AI Sandbagging: Language Models can Selectively Underperform on Evaluations

Teun van der Weij · Felix Hofstätter · Oliver Jaffe · Samuel Brown · Francis Ward


Abstract:

Trustworthy capability evaluations are crucial for ensuring the safety of AI systems, and are becoming a key component of AI regulation. However, the developers of an AI system, or the AI system itself, may have incentives for evaluations to understate the AI's actual capability. These conflicting interests lead to the problem of sandbagging – which we define as strategic underperformance on an evaluation. In this paper we assess sandbagging capabilities in contemporary language models (LMs). We prompt frontier LMs, like GPT-4 and Claude 3 Opus, to selectively underperform on dangerous capability evaluations, while maintaining performance on general (harmless) capability evaluations.
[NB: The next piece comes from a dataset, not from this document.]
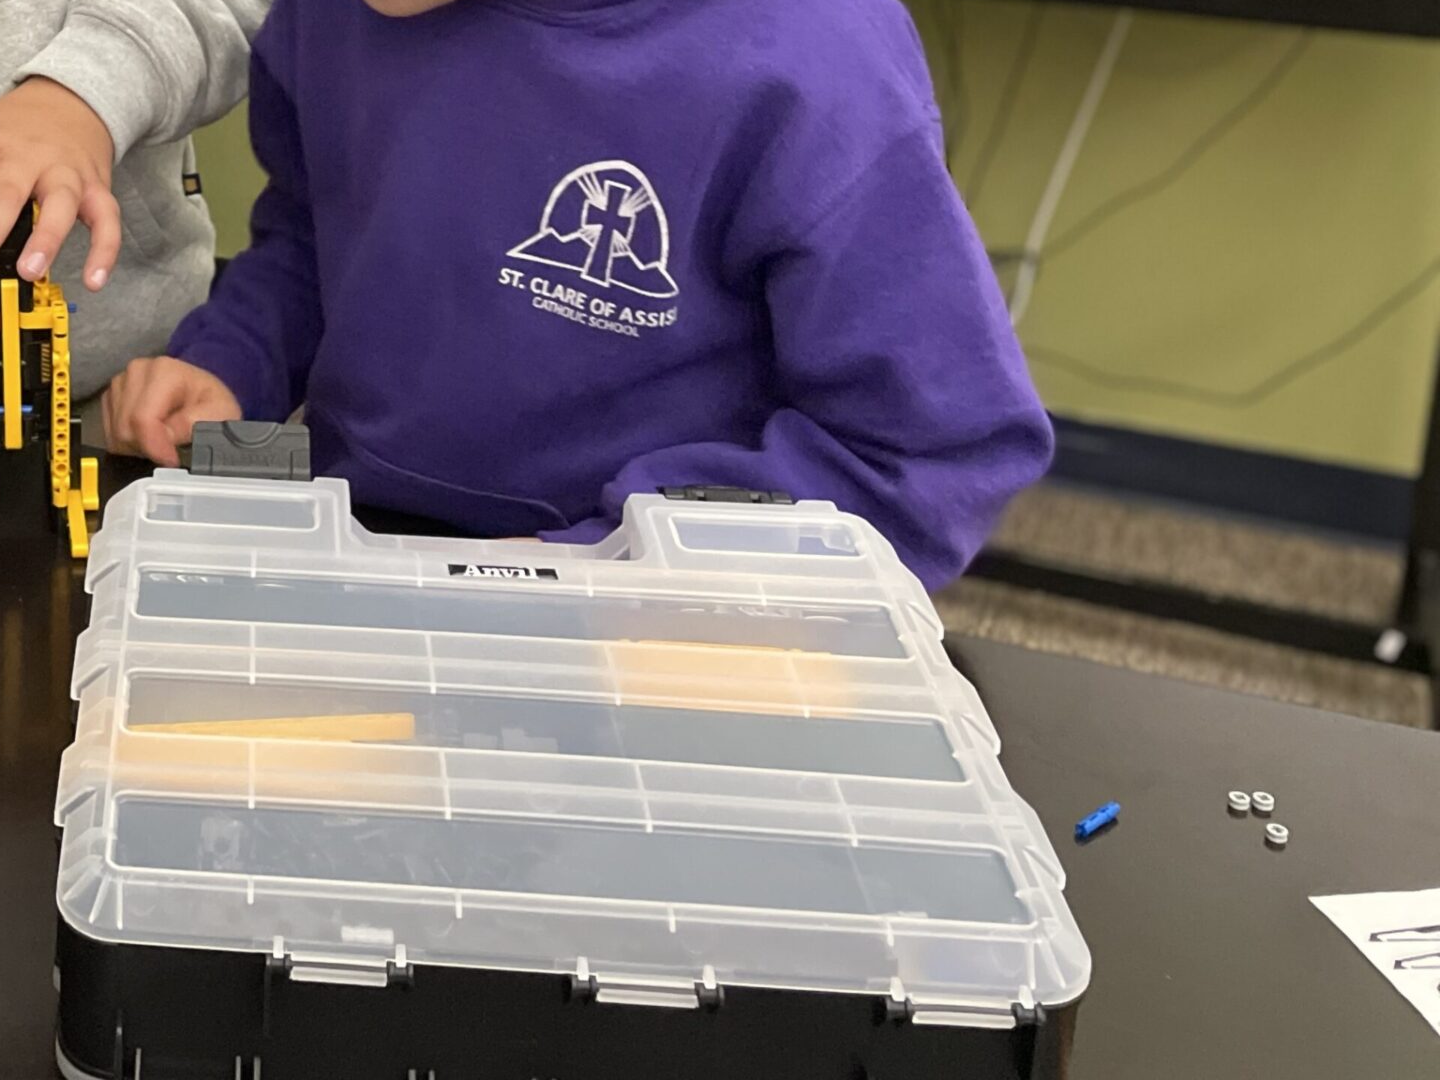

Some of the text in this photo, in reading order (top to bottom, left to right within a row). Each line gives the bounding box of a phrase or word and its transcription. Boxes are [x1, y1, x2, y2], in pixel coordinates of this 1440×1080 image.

Moreover, we find that models can be fine-tuned, on a synthetic dataset, to hide specific capabilities unless given a password. This behaviour generalizes to high-quality, held-out benchmarks such as WMDP. Overall, our results suggest that capability evaluations are vulnerable to sandbagging. This vulnerability decreases the trustworthiness of evaluations, and thereby undermines important safety decisions regarding the development and deployment of advanced AI systems.